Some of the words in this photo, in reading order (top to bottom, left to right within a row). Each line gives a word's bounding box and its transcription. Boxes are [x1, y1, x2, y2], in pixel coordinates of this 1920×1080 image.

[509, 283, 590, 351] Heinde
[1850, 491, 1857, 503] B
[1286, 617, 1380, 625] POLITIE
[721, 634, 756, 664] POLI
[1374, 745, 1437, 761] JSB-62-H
======
--- What to do ---
Exact reproduction of the whole material is the required answer.

--- Solution to this problem ---
Some of the words in this photo, in reading order (top to bottom, left to right within a row). Each line gives a word's bounding box and its transcription. Boxes are [x1, y1, x2, y2], in pixel coordinates of this 1920×1080 image.

[509, 283, 590, 351] Heinde
[1850, 491, 1857, 503] B
[1286, 617, 1380, 625] POLITIE
[721, 634, 756, 664] POLI
[1374, 745, 1437, 761] JSB-62-H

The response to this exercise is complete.